И снилось ему детство: как будто идёт он мальчишкой по громадному полю. Высокая трава — выше пояса — колышется до самого горизонта, и будто бы видит он далеко-далеко, на самом краю зелёного моря травы, человека. Человек медленно приближается к нему, и расстояние между ними постепенно сокращается.
Мальчишка пытается бежать навстречу, но как ни старается, до этого незнакомца ещё далеко. А трава качается под струями ветров то в одну, то в другую сторону. Вот уже и времени немало прошло. Вот и солнце клонится к закату и того и гляди скроется за дальней кромкой поля. И вот наконец-то мальчишка близко видит незнакомого человека и видит, что лицо ему очень знакомо — так хорошо знакомо, что он знает, что это точно он, но только совсем немолодой. И что-то шепчет ему этот незнакомый знакомый человек. И по губам он читает эти слова. Непонятные пока что ему слова: «Здравствуй, моё прошлое».

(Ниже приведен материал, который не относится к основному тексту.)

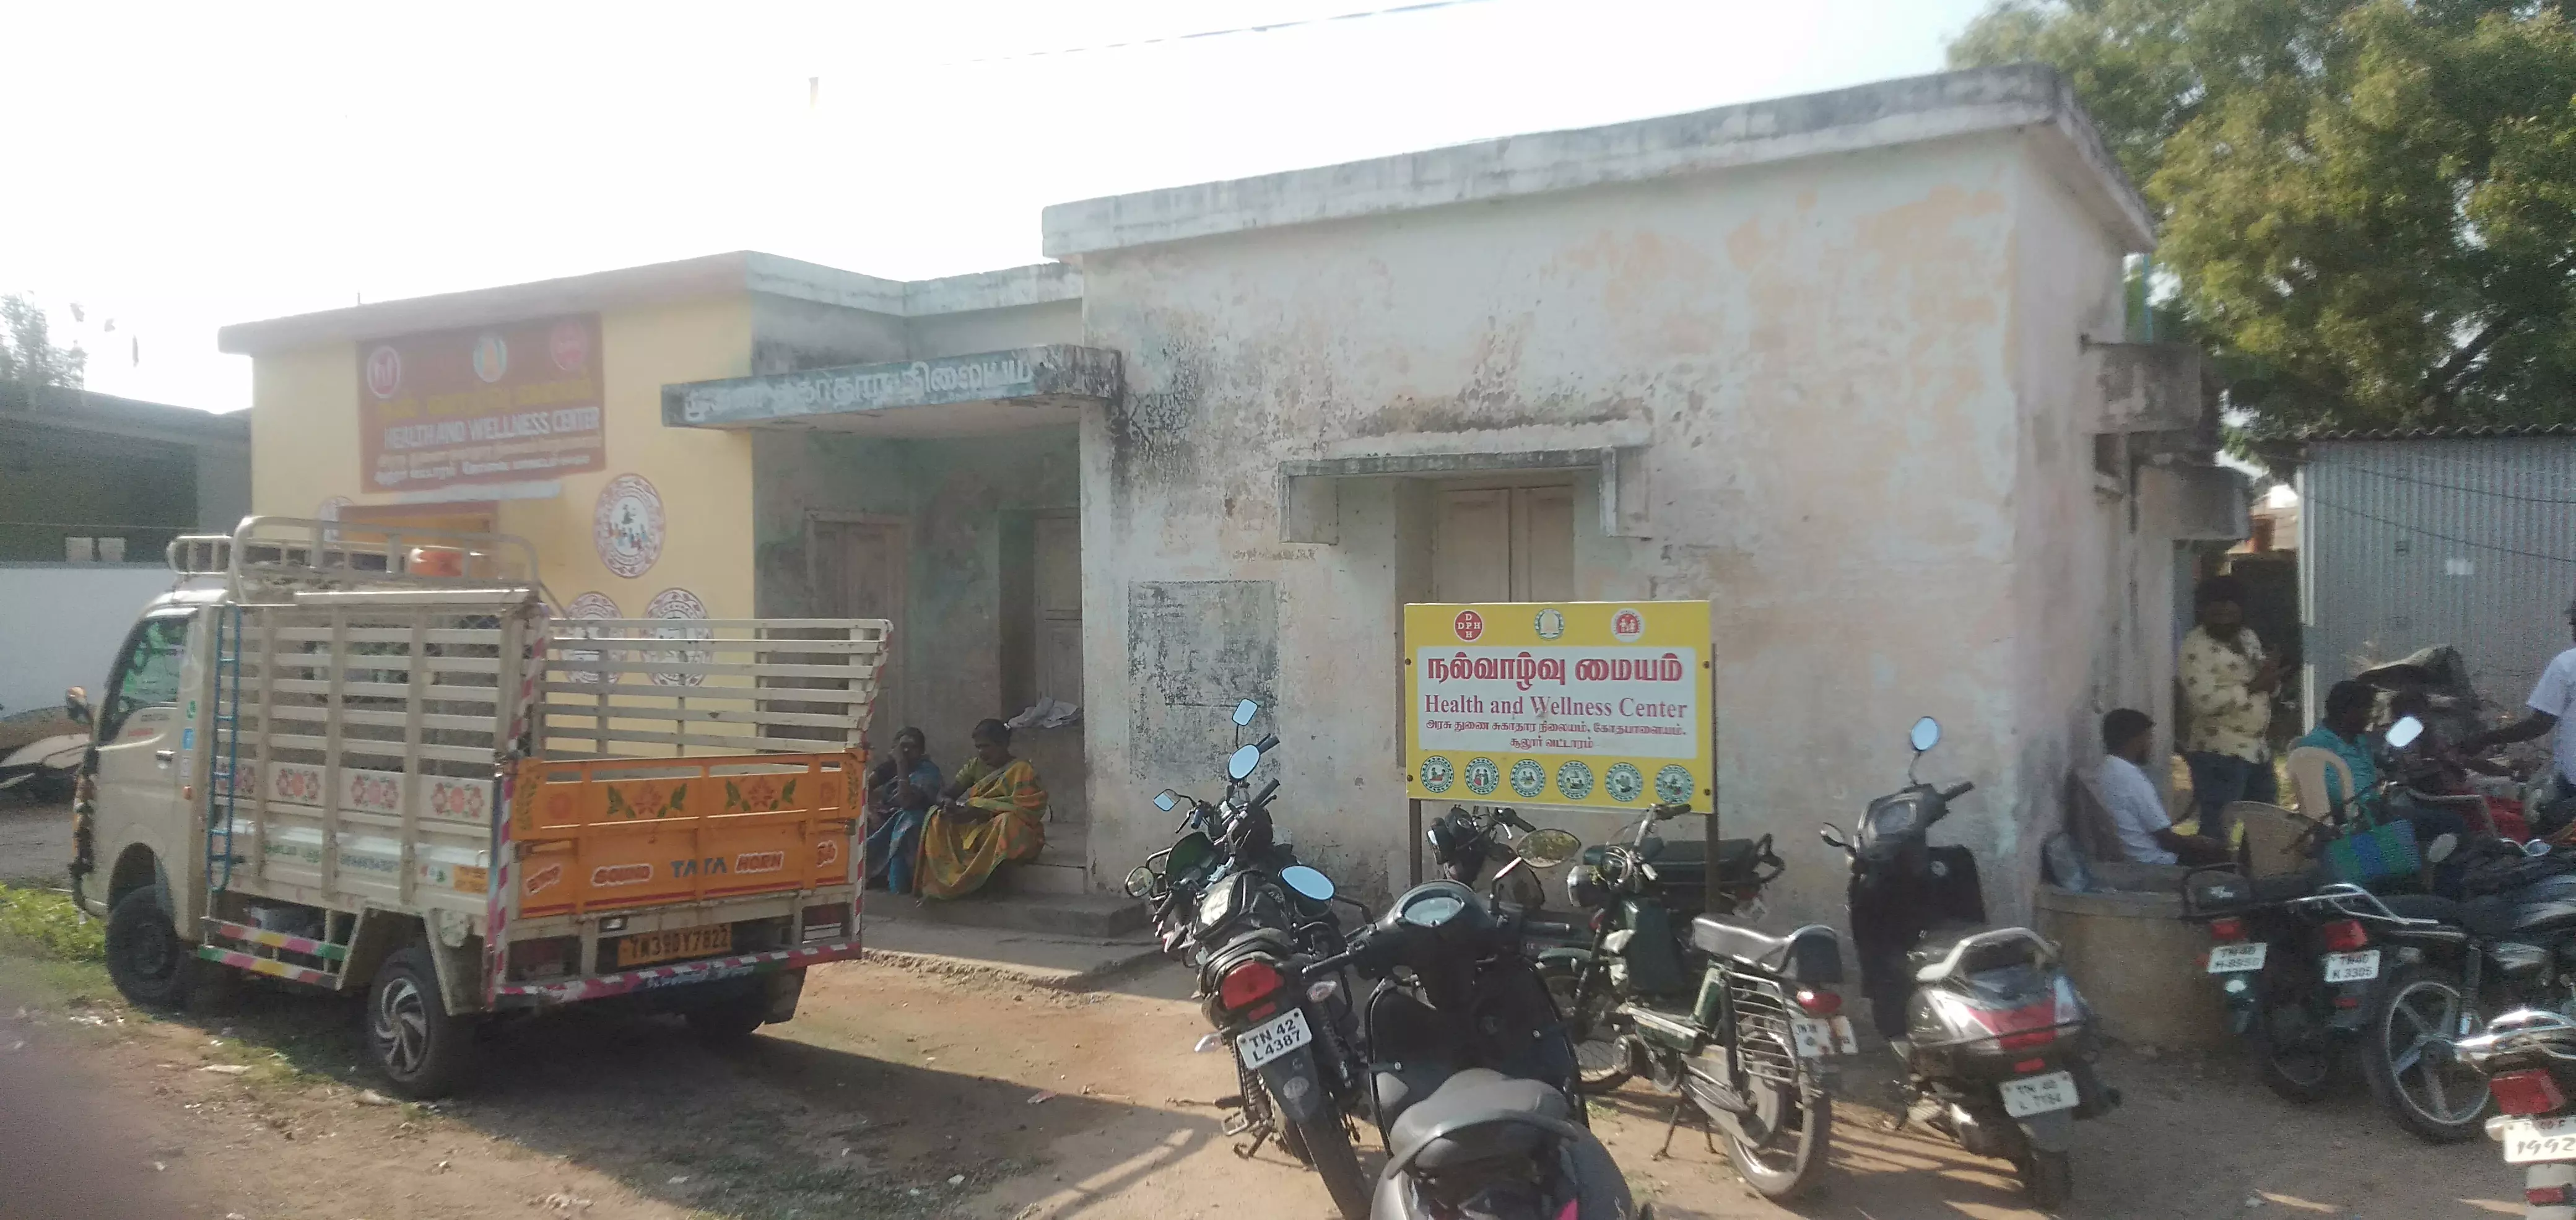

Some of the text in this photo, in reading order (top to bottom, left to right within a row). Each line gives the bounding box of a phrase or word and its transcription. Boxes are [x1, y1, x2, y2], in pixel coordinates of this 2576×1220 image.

[468, 412, 550, 441] WELLNESS
[1428, 651, 1683, 691] நல்வாழ்வு மையம்
[1425, 694, 1688, 718] Health and Wellness Center
[1426, 720, 1452, 730] அரசு
[1454, 721, 1489, 732] துணை
[1492, 721, 1536, 732] சுகாதார
[1546, 736, 1593, 749] வட்டாரம்
[671, 857, 728, 878] TATA
[1249, 1019, 1296, 1048] TN 42
[2517, 1137, 2576, 1156] 1992

Мякин открыл глаза. За окном было темно.
«Сколько же я проспал — наверное, уже вечер, а может быть, и раннее утро?» — подумал он и обнаружил себя в одежде на кровати. Рядом лежала раскрытая чёрная книга. Мякин взглянул на часы — стрелки показывали шесть тридцать. Мякин прислушался: в коридоре послышались шаги и чей-то приглушённый разговор.
«Наверное, это вечер», — подумал Мякин и осторожно встал с постели.
Послышался тихий стук в дверь.
«Кому это я понадобился?» — подумал Мякин и взглянул в зеркало. Своё лицо ему не понравилось — слишком помятое и абсолютно безразличное к окружающей обстановке.